Rhein.-Westf.

Bericht über den Johanniskonvent
vom 26.06. – 28.06. in Kleve, Rindern


Spannend war die Vorbereitung, weil erst kurz vor dem Konvent eine Änderung der Corona-Schutzverordnung es möglich machte, daß sich insgesamt 25 Gäste und Brüder in einem Tagungsraum versammeln durften. Und so konnten wir – nachdem bereits der Ökumenische Konvent im März ausgefallen war – nach längerer Zeit wieder zusammenkommen.
Bei bestem Wetter stand diesmal die Beschäftigung mit dem Ort, an dem wir uns seit Jahren regelmäßig zum Epiphanias- und zum Johanniskonvent versammeln, und dessen Geschichte auf dem Programm.

So führte uns Axel Mersmann in seinem Vortrag am Samstag über Johann Moritz von Nassau-Siegen vor Augen, daß es ohne diesen kleinen Ort am Niederrhein weder die Straße „Unter den Linden“ in Berlin, noch Potsdam und Versailles gäbe.

Um die Ideen bei der Städteplanung des Fürsten auch praktisch zu erfahren, gingen wir am Nachmittag zu Fuß über die Alleen zum nahegelegenen Museum Kurhaus Kleve.
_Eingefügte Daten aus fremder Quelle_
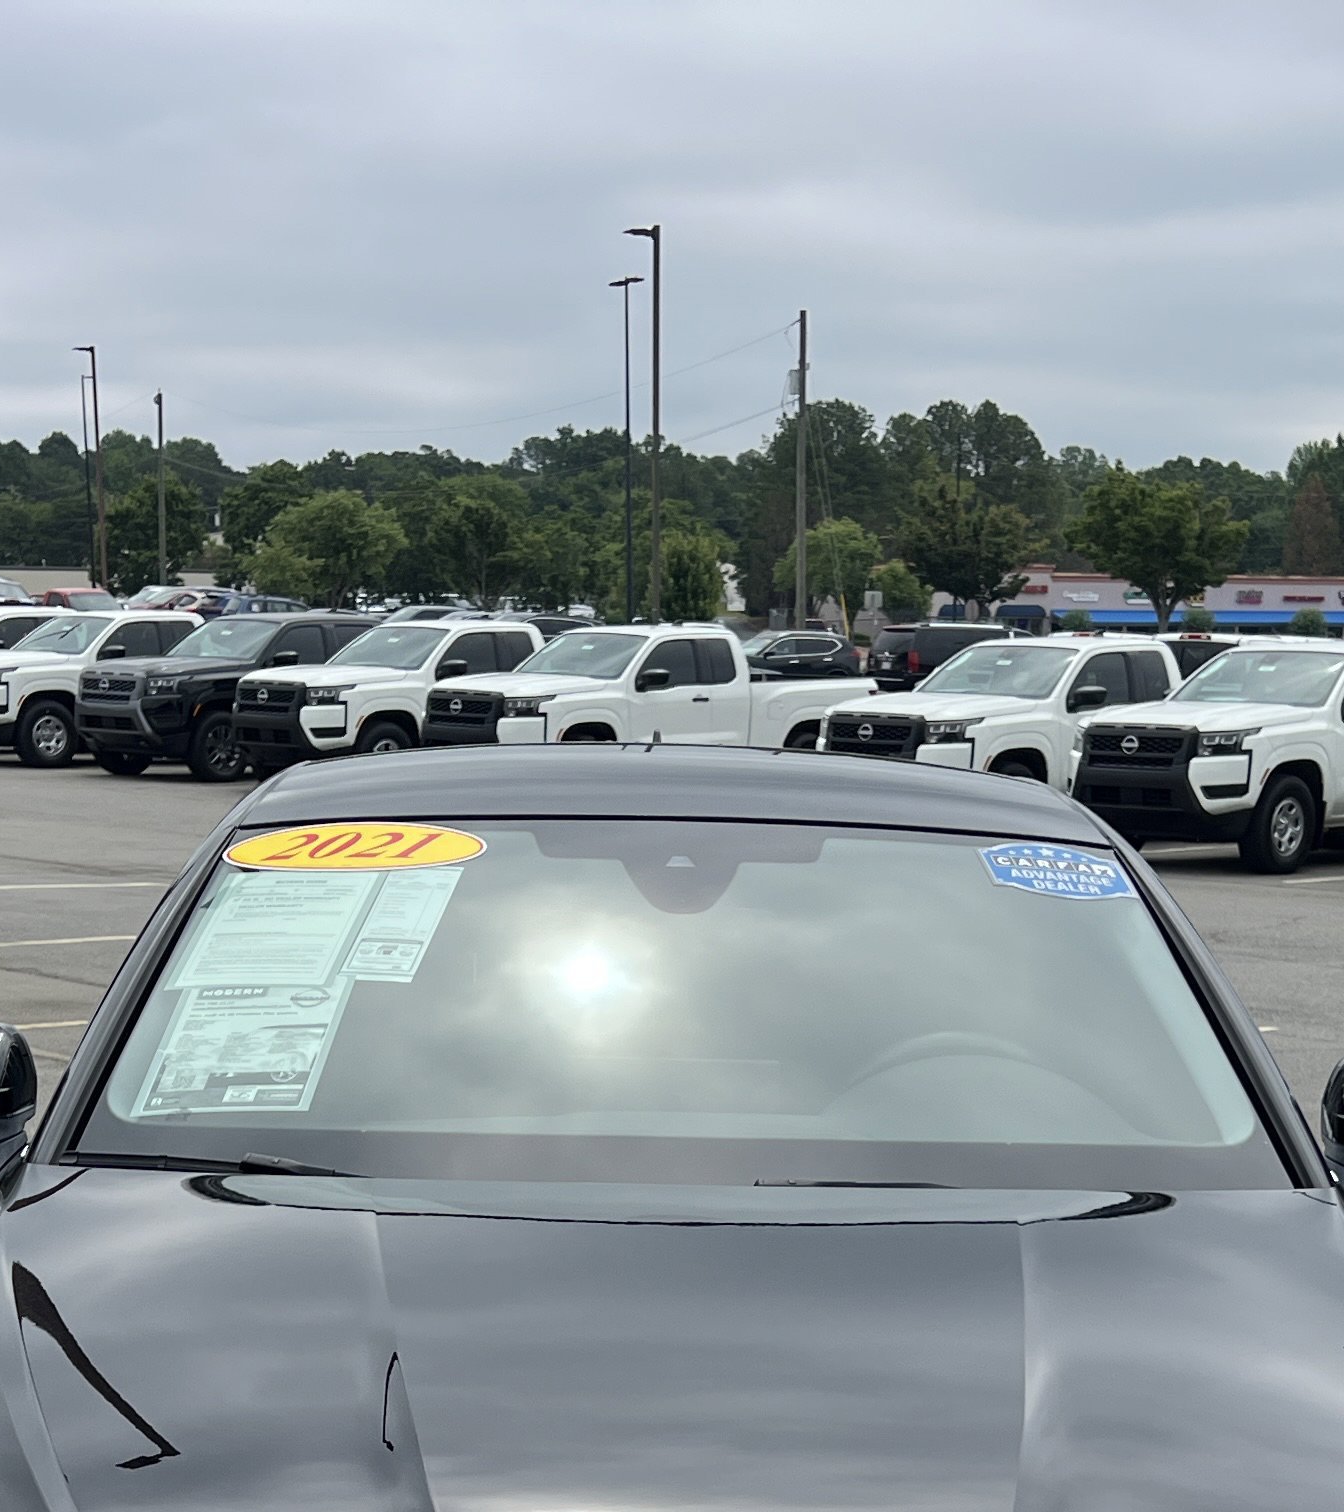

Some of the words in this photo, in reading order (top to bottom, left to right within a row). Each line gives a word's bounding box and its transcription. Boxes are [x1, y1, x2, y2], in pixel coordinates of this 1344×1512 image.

[261, 832, 444, 861] 2021
[996, 856, 1116, 878] CARFAX
[1010, 868, 1113, 887] ADVANTAGE
[1033, 880, 1102, 895] DEALER
[202, 988, 264, 997] MODERN
Nach der Führung durch das Haus und seine breit angelegte Sammlung vom Mittelalter bis zu Mataré und Beuys spazierten wir unter sachkundiger Leitung durch den angelegten Park.
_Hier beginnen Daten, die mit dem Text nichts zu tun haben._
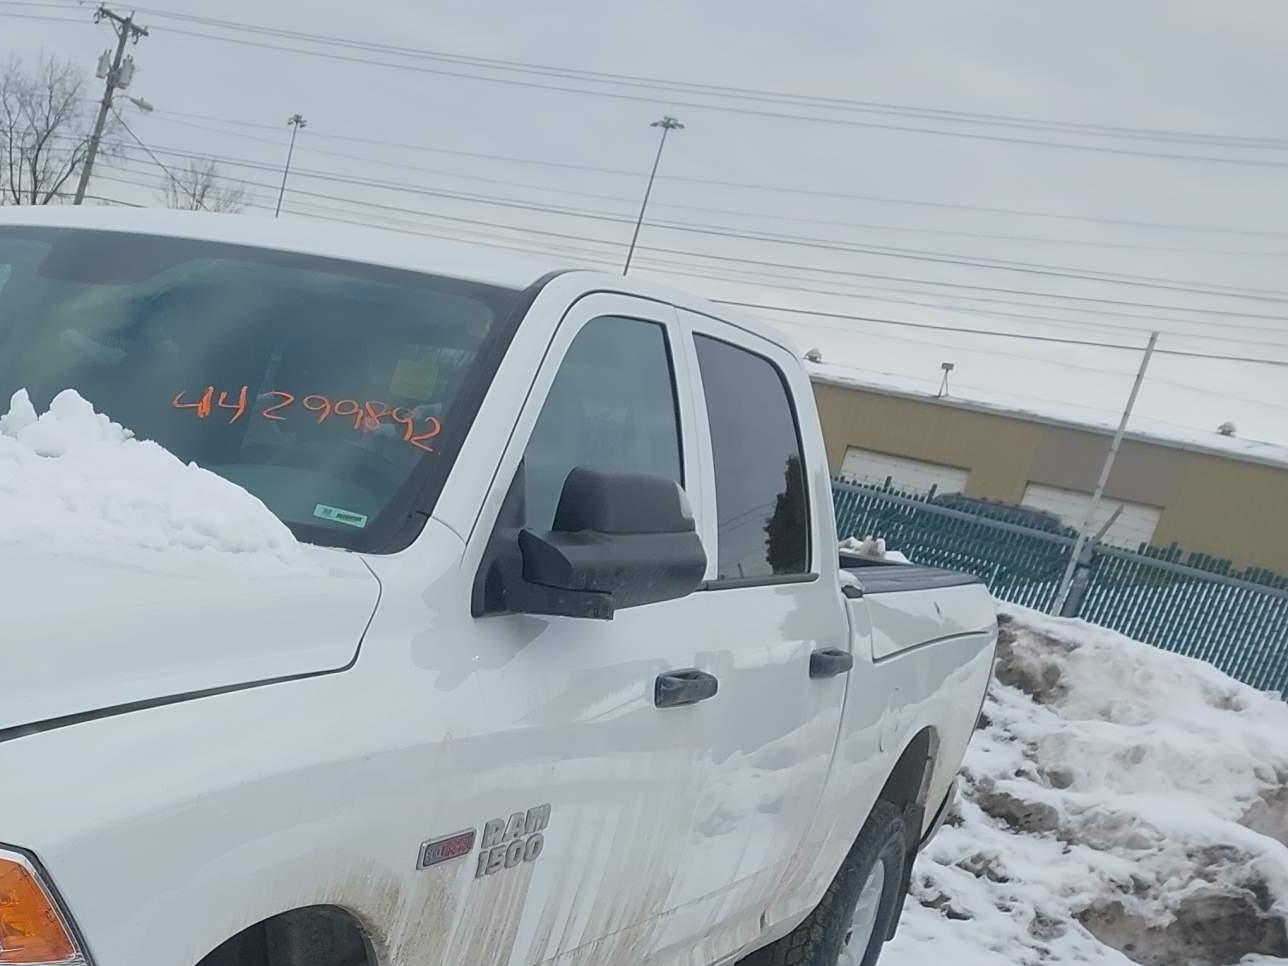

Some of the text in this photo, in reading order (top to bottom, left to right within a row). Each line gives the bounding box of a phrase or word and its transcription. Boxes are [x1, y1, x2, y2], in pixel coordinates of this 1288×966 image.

Am Sonntag diskutierten wir lebhaft nach dem Vortrag von Gerd Ludewig zum Thema „Maria zwischen den Konfessionen“ über unser persönliches Verhältnis zur Gottesmutter.
Natürlich gab es wegen der Corona-Pandemie kleine Einschränkungen. So feierten wir die Stundengebete in der gesprochenen Form und der Kantor sang den Hymnus alleine. Auch die Predigt von Roger Mielke thematisierte die Zukunft mit Corona.

Insgesamt herrschte aber Freude darüber, daß wir uns endlich wieder persönlich begegnen durften, und so fuhren wir gestärkt und zuversichtlich am Sonntag wieder in unsere Heimatorte.